March 23, 2021
New York University Journal of International Law and Politics (JILP), forthcoming
SSRN link here.
China shapes transnational data governance by supplying digital infrastructure to emerging markets. The prevailing explanation for this phenomenon is “digital authoritarianism” by which China exports not only its technology but also its values and governance system to host states. Contrary to the one-size-fits-all digital authoritarianism thesis, this Article theorizes a “Beijing Effect,” a combination of “push” and “pull” factors that explains China’s growing influence in data governance beyond its borders. Governments in emerging economies demand Chinese-built digital infrastructures and emulate China’s approach to data governance in pursuit of “data sovereignty” and digital development.
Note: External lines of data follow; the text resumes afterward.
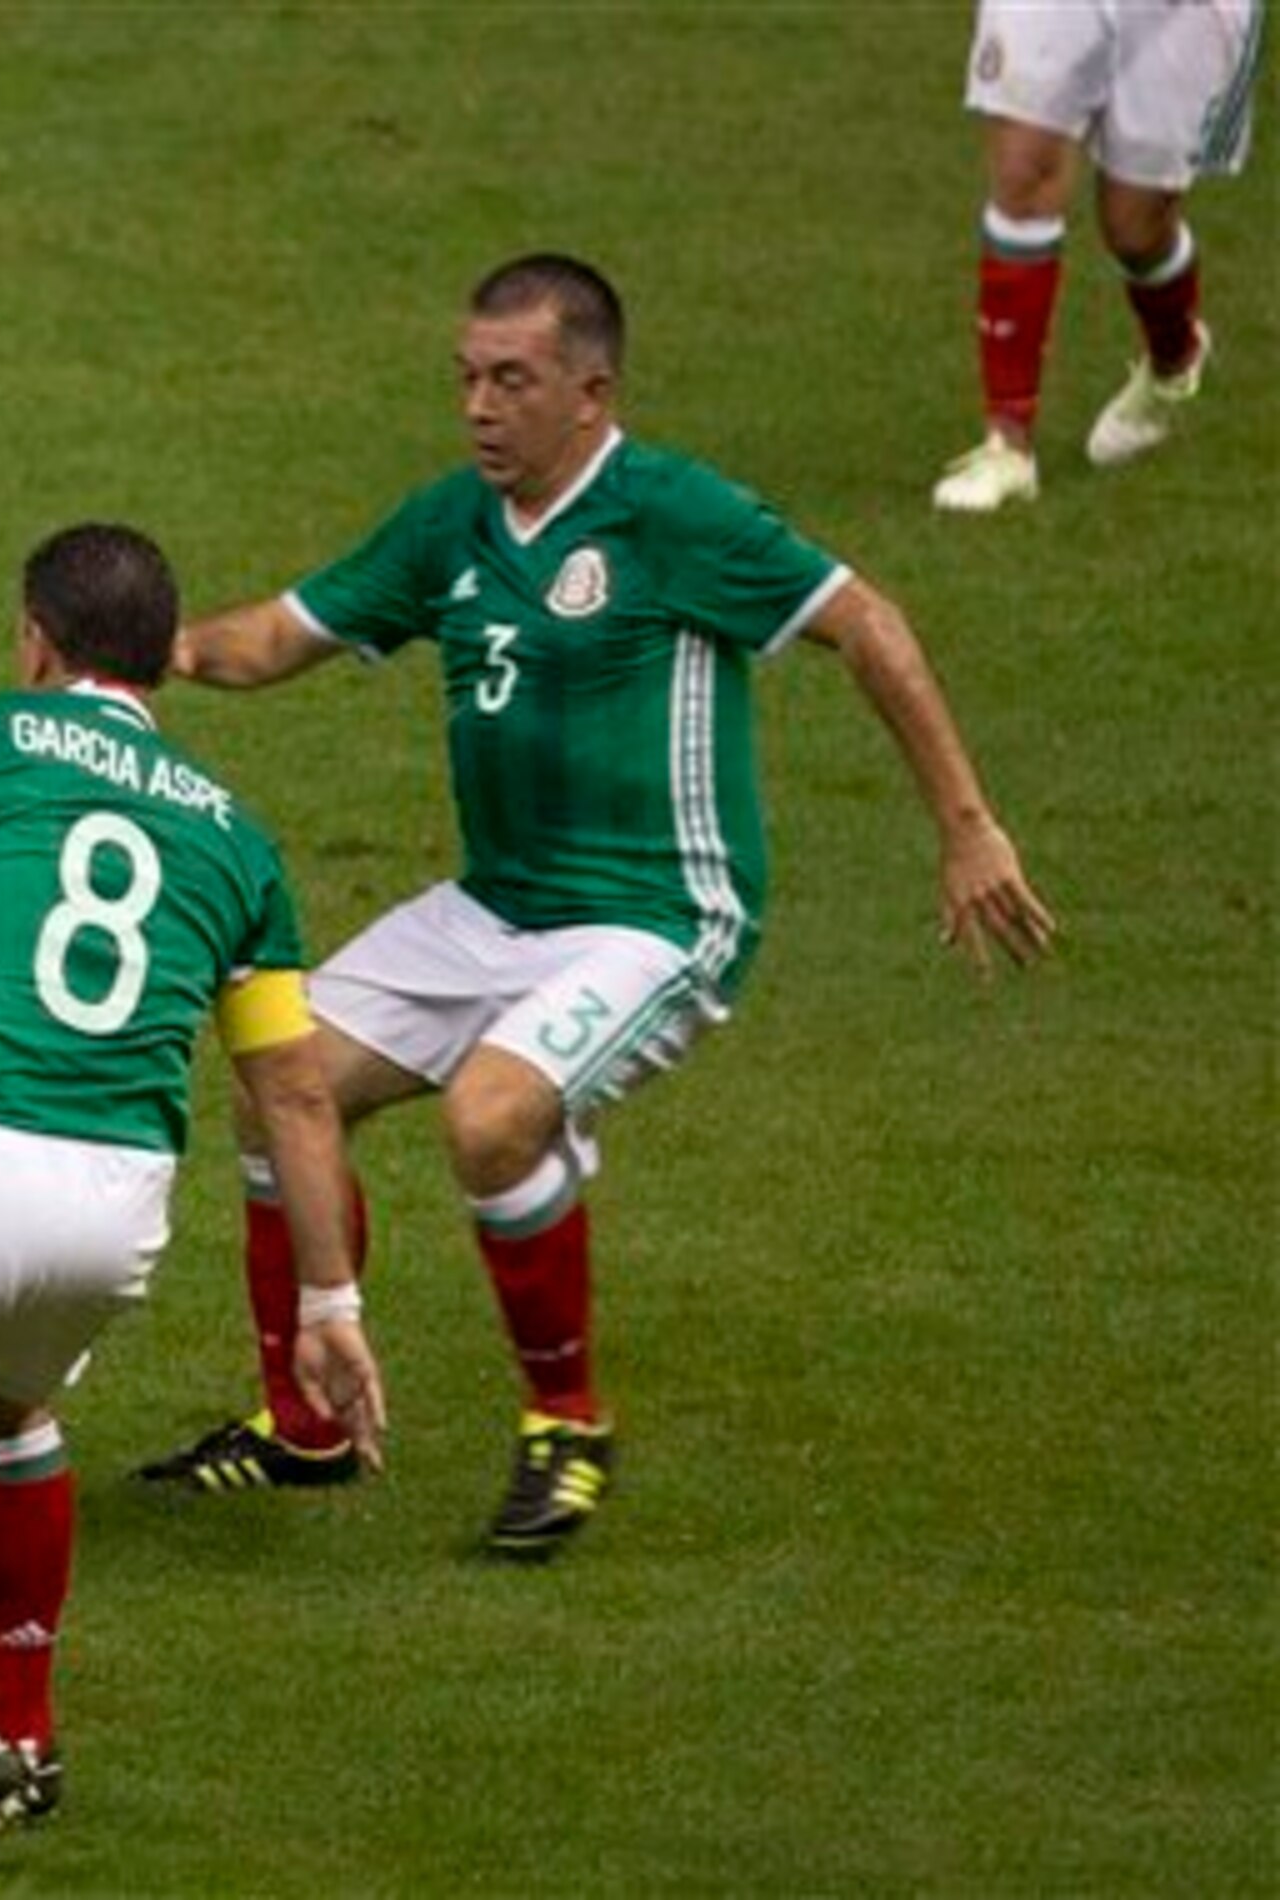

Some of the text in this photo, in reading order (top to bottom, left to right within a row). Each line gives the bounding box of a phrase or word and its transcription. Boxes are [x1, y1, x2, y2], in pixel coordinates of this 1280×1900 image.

[476, 622, 520, 713] 3
[11, 711, 233, 832] GARCIA ASPE
[34, 810, 162, 1036] 8
[537, 985, 612, 1059] 3
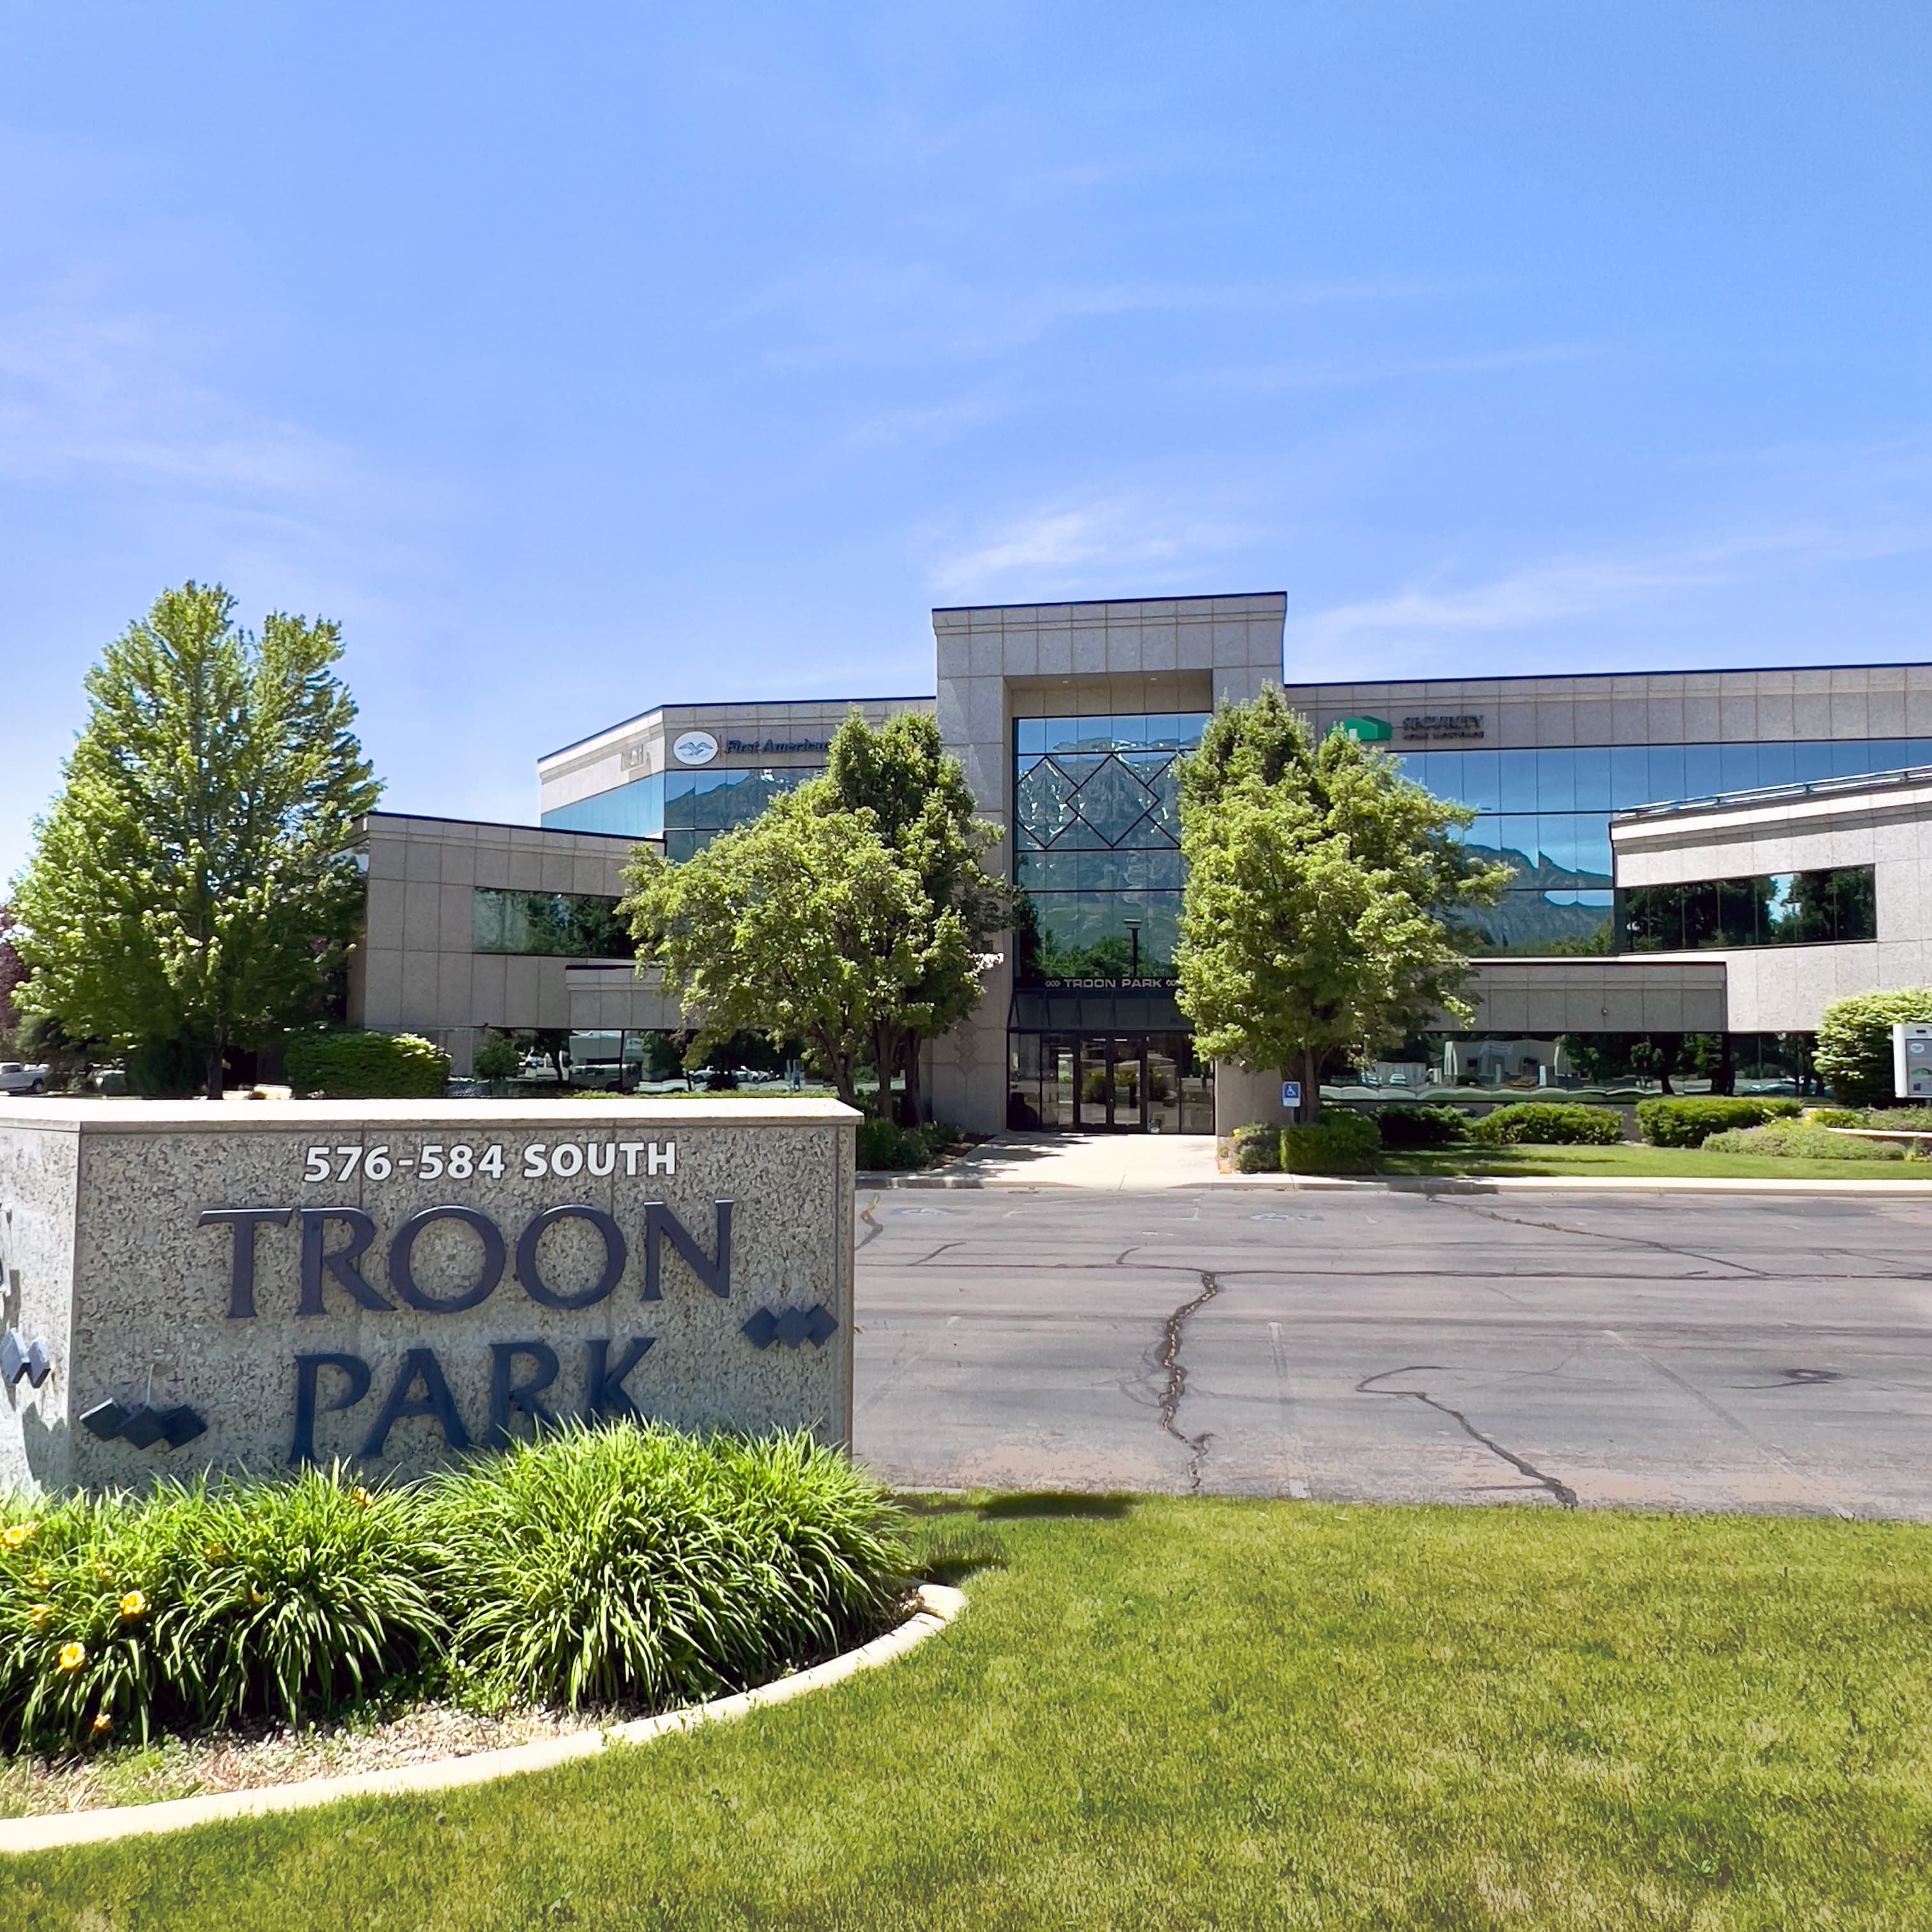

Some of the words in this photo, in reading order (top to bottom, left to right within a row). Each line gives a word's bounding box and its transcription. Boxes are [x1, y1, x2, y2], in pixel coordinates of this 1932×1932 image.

China’s “Digital Silk Road,” a massive effort to build the physical components of digital infrastructure (e.g., fiber-optic cables, antennas, and data centers), to enhance the interoperability of digital ecosystems in such developing states materializes the Beijing Effect. Its main drivers are Chinese technology companies that increasingly provide telecommunication and e-commerce services across the globe. The Beijing Effect contrasts with the “Brussels Effect” whereby companies’ global operations gravitate towards the EU’s regulations. It also deviates from US efforts to shape global data governance through instruments of international economic law. Based on a study of normative documents and empirical fieldwork conducted in a key host state over a four-year period, we explain how the Beijing Effect works in practice and assess its impact on developing countries. We argue that “data sovereignty” is illusory as the Chinese party-state retains varying degrees of control over Chinese enterprises that supply digital infrastructure and urge development of legal infrastructures commensurate with digital development strategies.